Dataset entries
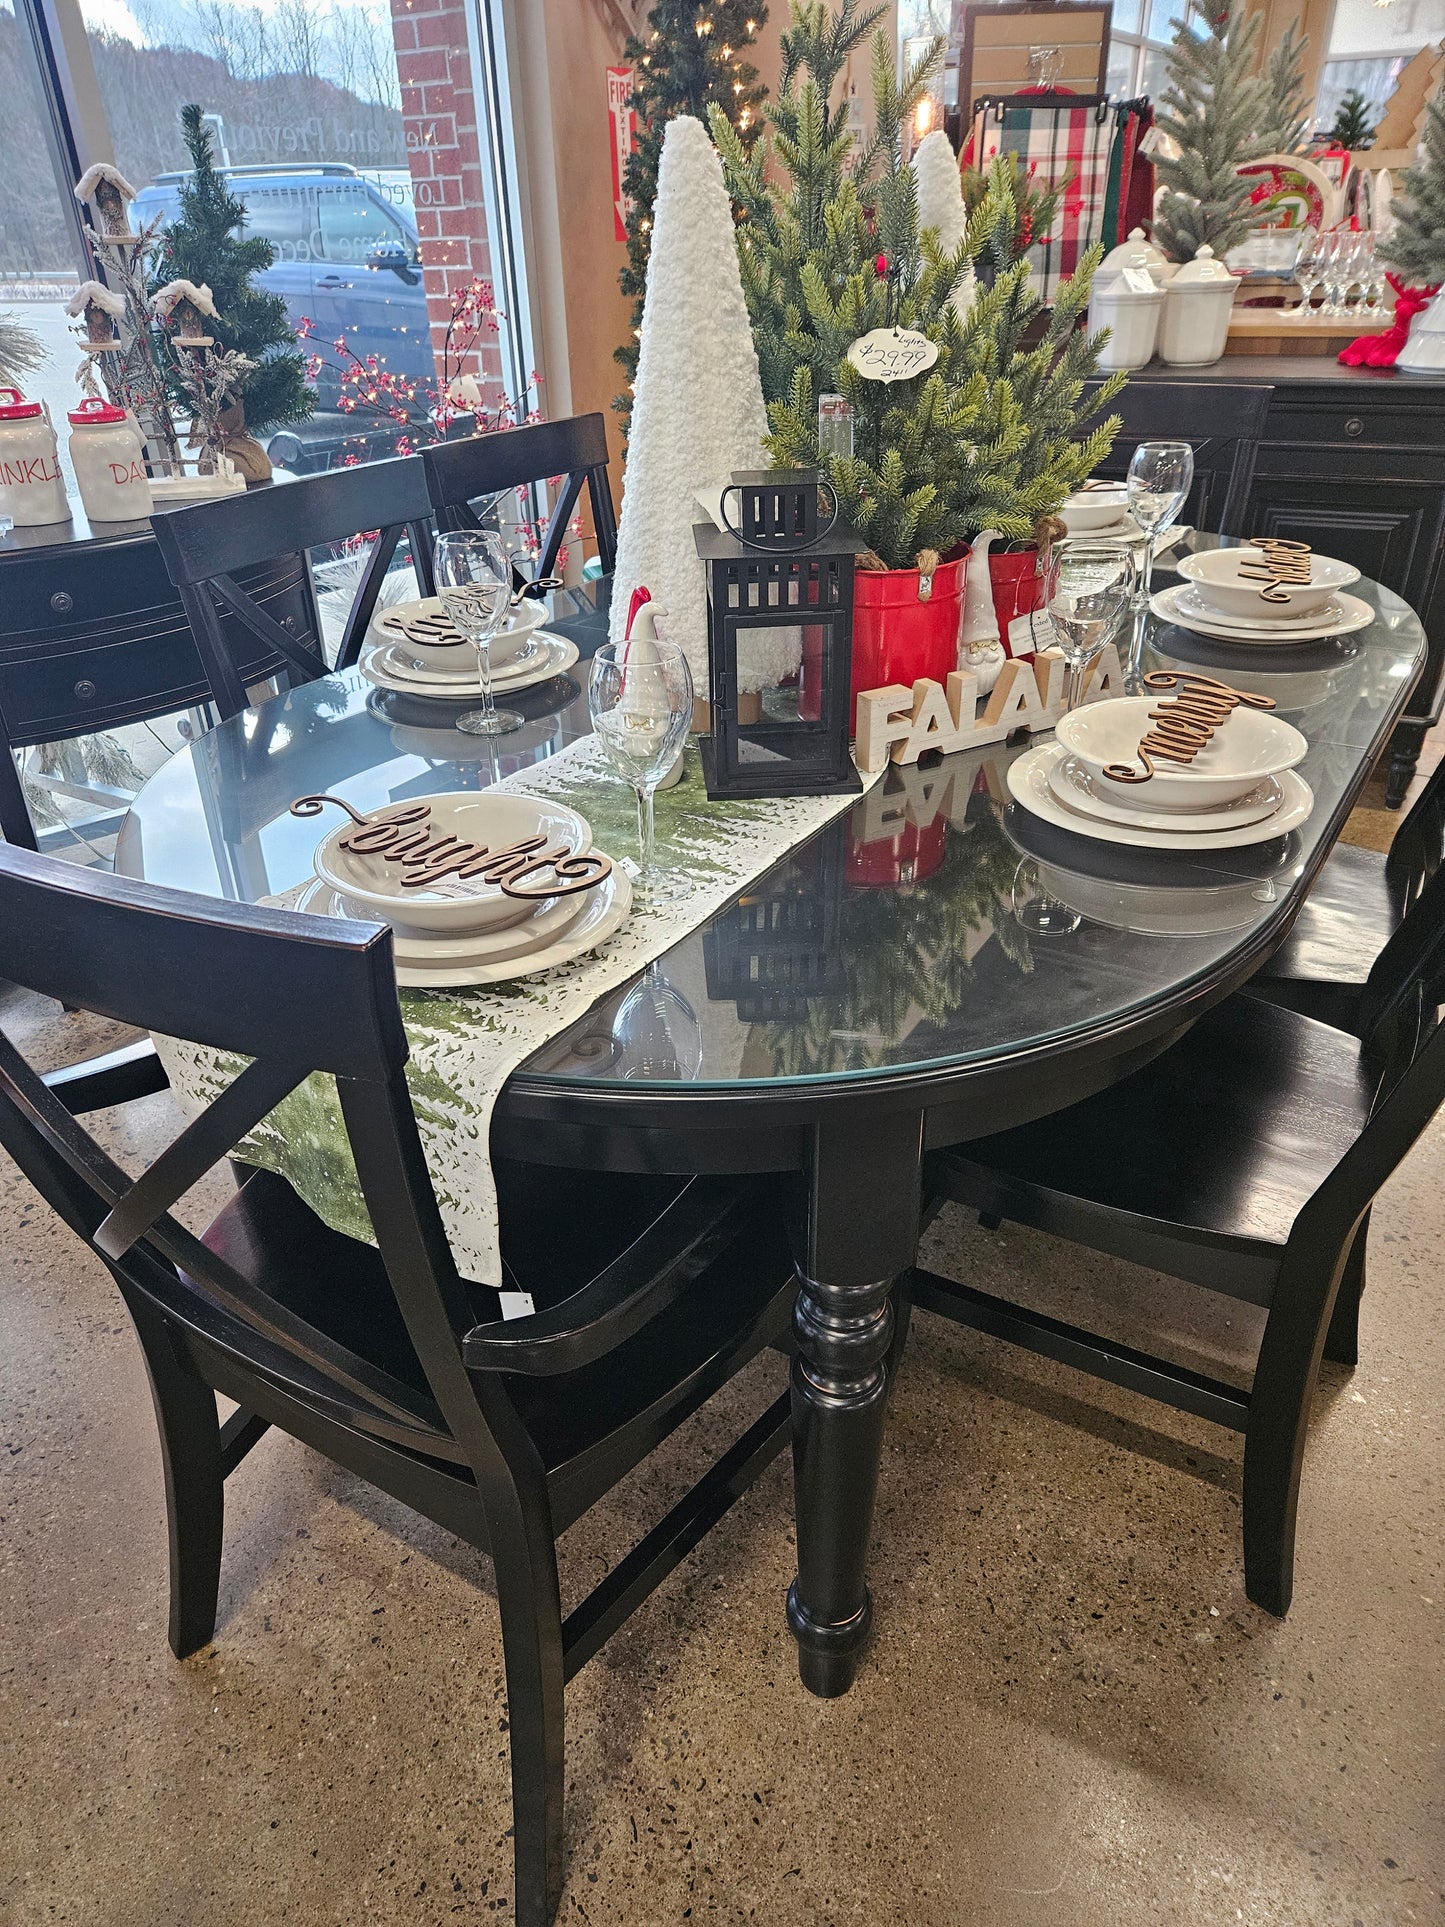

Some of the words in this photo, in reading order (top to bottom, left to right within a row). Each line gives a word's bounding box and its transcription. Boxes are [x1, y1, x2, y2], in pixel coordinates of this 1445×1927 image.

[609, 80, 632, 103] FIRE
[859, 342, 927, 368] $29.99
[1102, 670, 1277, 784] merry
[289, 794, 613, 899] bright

● **TASK PROMPT**
Print the data above in full and exactly as it appears, skipping the pictures.

● **EXERCISE RESPONSE**
Some of the words in this photo, in reading order (top to bottom, left to right within a row). Each line gives a word's bounding box and its transcription. Boxes are [x1, y1, x2, y2], in pixel coordinates of this 1445×1927 image.

[609, 80, 632, 103] FIRE
[859, 342, 927, 368] $29.99
[1102, 670, 1277, 784] merry
[289, 794, 613, 899] bright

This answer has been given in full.